──────── Input records ────────

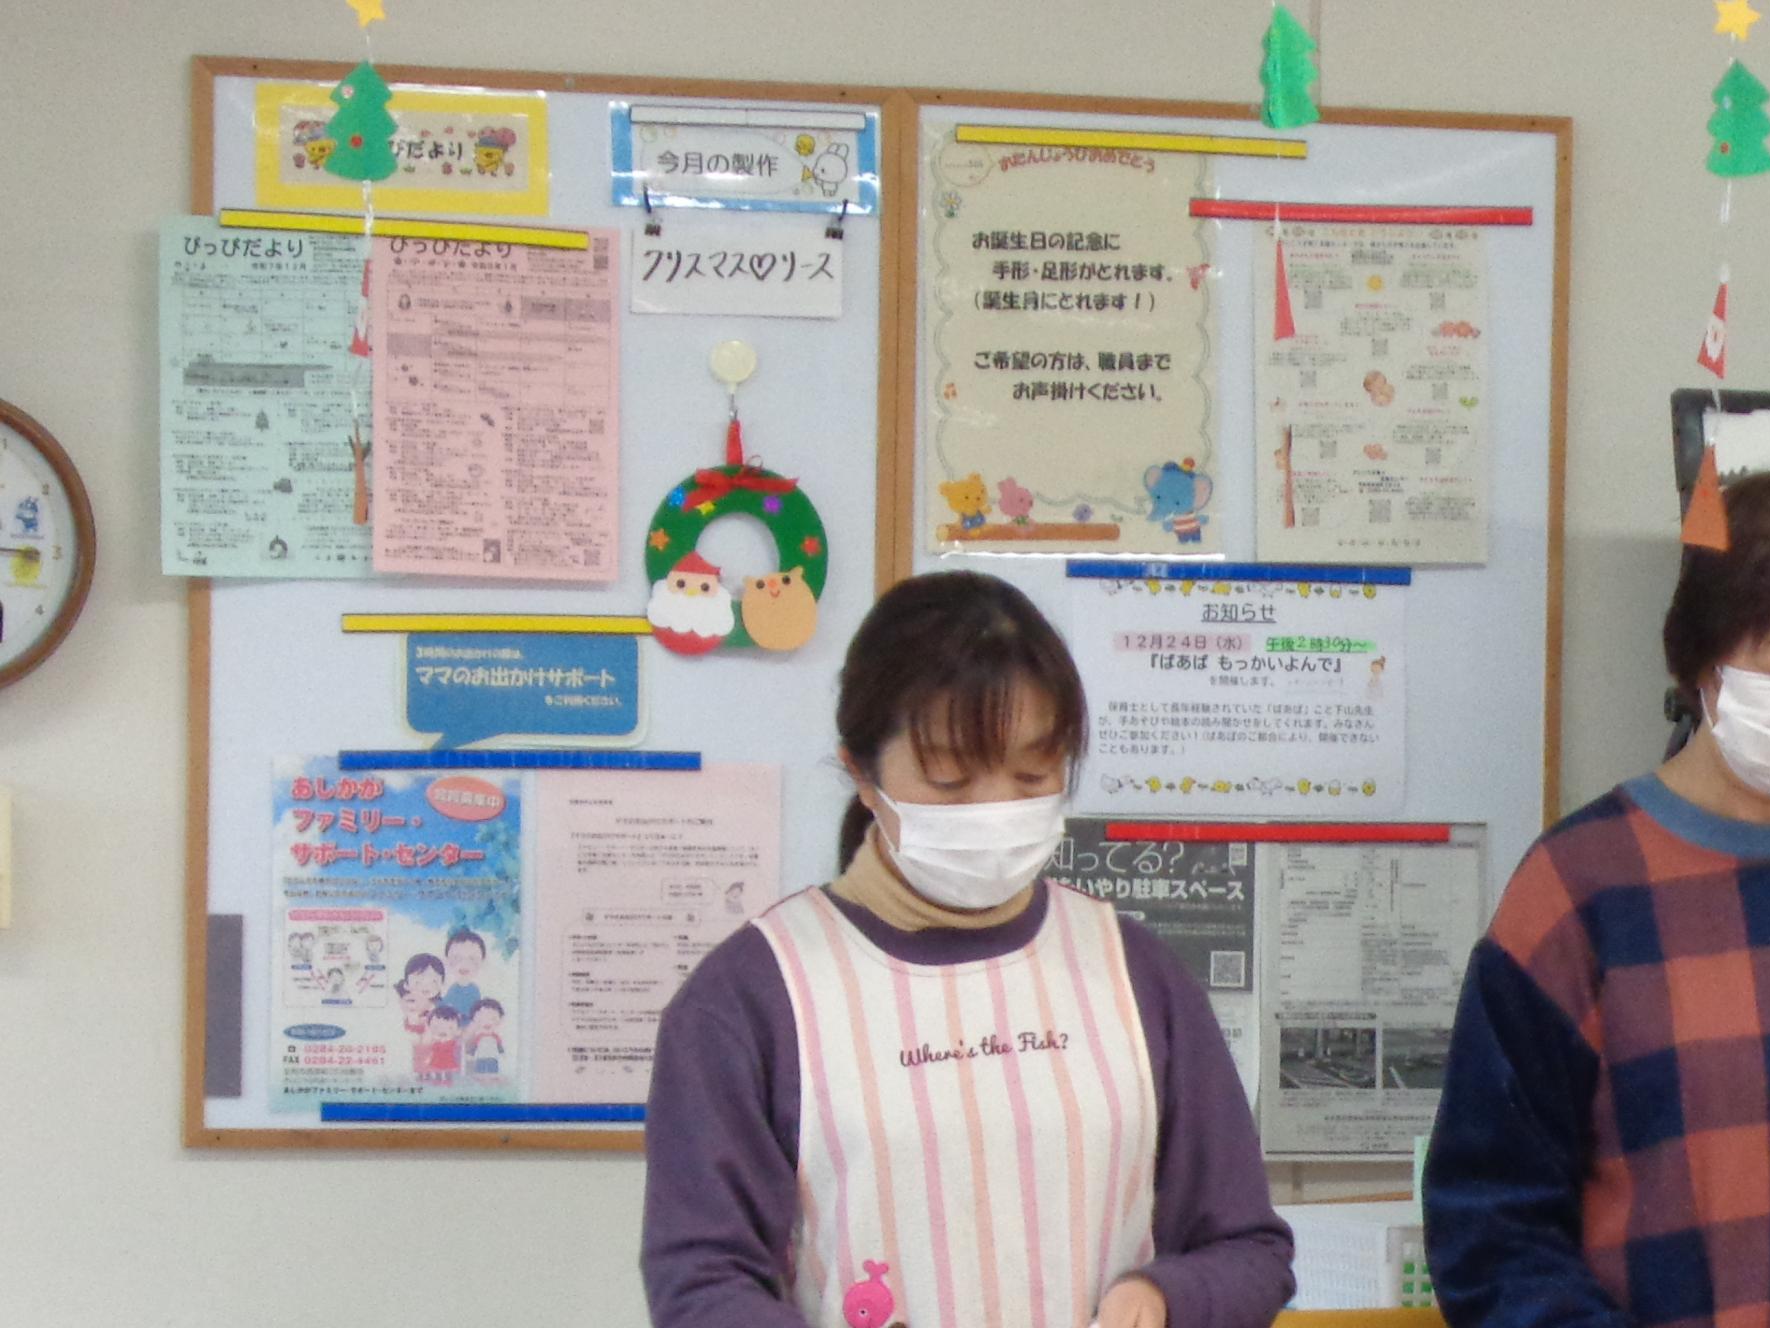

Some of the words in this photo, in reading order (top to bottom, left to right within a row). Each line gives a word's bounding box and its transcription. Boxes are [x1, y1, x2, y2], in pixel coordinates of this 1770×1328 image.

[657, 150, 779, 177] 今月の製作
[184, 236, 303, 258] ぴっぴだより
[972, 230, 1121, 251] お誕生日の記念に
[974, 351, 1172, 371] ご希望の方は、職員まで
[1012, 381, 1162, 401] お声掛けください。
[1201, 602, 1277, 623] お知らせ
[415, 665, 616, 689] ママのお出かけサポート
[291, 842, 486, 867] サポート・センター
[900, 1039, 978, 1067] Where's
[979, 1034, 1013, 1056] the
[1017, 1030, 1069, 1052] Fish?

────────

> What you will do: Every entry above should be returned exactly, with no images included.

> The completed task:
Some of the words in this photo, in reading order (top to bottom, left to right within a row). Each line gives a word's bounding box and its transcription. Boxes are [x1, y1, x2, y2], in pixel coordinates of this 1770×1328 image.

[657, 150, 779, 177] 今月の製作
[184, 236, 303, 258] ぴっぴだより
[972, 230, 1121, 251] お誕生日の記念に
[974, 351, 1172, 371] ご希望の方は、職員まで
[1012, 381, 1162, 401] お声掛けください。
[1201, 602, 1277, 623] お知らせ
[415, 665, 616, 689] ママのお出かけサポート
[291, 842, 486, 867] サポート・センター
[900, 1039, 978, 1067] Where's
[979, 1034, 1013, 1056] the
[1017, 1030, 1069, 1052] Fish?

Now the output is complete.